What do you think about the project? Post your thoughts in the comments section below.
Via:  Yahoo News
Comments
Mike Coyne 4 years ago

I think it is great idea. It give the blind people a some freedom what they want to do. I am support most of those same thing with deaf people not blind or blind. Who know? I know most the high technology had changed over years to make improved.

3vi1 4 years ago

Seems like a waste of time to me. Much more money and technology is being poured into making cars that will drive themselves - and they're much more likely to be approved for market first.
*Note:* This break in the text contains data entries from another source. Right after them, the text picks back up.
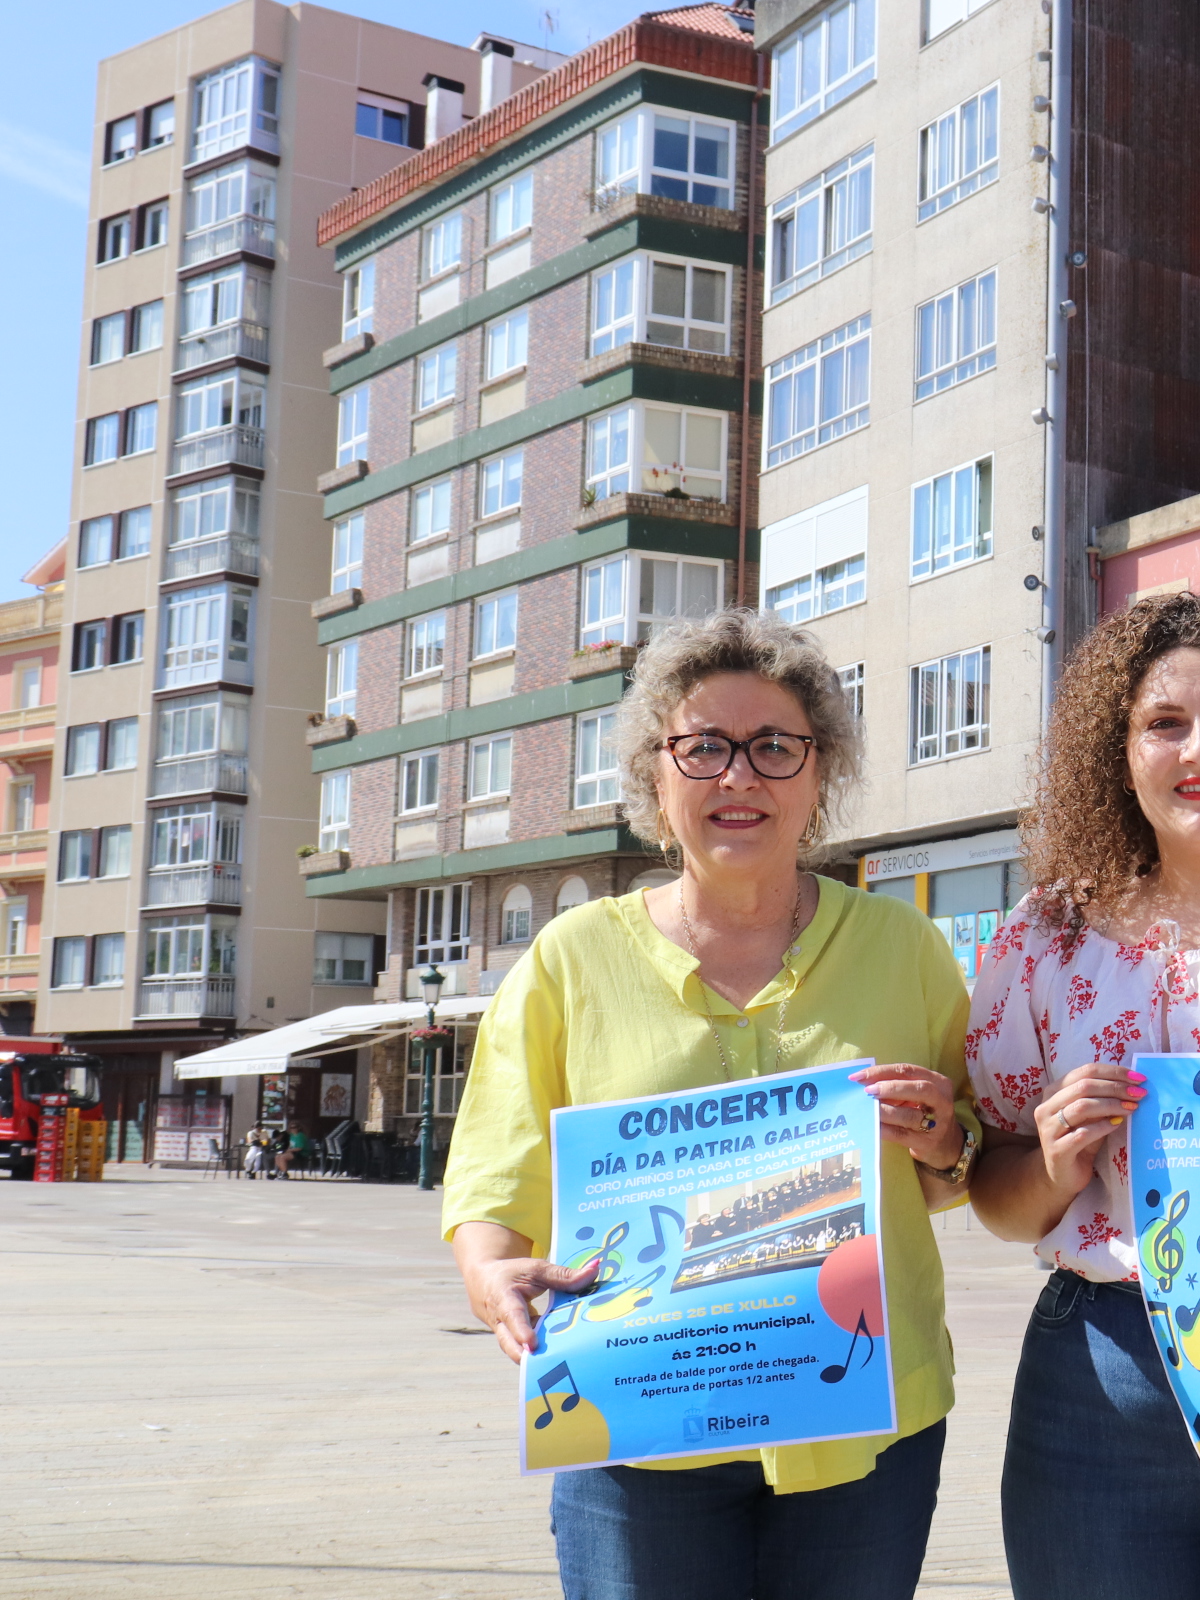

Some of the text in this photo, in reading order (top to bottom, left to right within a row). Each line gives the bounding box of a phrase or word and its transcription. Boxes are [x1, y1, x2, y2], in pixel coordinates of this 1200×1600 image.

[867, 852, 929, 875] ar SERVICIOS
[619, 1082, 818, 1140] CONCERTO
[1160, 1106, 1194, 1130] DÍA
[591, 1114, 847, 1178] DÍA DA PATRIA GALEGA
[1154, 1138, 1186, 1149] CORO
[578, 1140, 855, 1212] CANTAREIRAS DAS AMAS DE CASA DE RIBEIRA
[586, 1130, 848, 1195] CORO AIRIÑOS DA CASA DE GALICIA EN NYC
[623, 1295, 797, 1329] XOVES 25 DE XULLO
[607, 1313, 815, 1348] Novo auditorio municipal,
[672, 1341, 756, 1360] ás 21:00 h
[615, 1354, 819, 1386] Entrada de balde por orde de chegada.
[641, 1372, 795, 1398] Apertura de portas 1/2 antes
[707, 1413, 770, 1431] Ribeira
I have my doubts that you can simplify all of the inputs to the point where a blind person can safely operate a vehicle in normal traffic. Even if you could, why include an unreliable organic relay in the loop instead of wiring the sensors directly to the car?

AKwyn 4 years ago

3vi1's right. I don't see what's so special about this car anyway. The cars that can drive themselves are sure to help people get to their destination better then this thing since it requires no input of the driver. Well... Except for voice commands and the latter.

animatortom 4 years ago

I keep getting the feeling that we are being lead into a Politically incorrect trap with all these articles!

back in the 80' it would have been fine to make fun comments, now its a lawsuit. Like we could have told the joke about the deaf guy because he wouldn't have been able to hear it?

Now they want to drive and sue everyone if they cant, then sue someone when they crash because no one knew better?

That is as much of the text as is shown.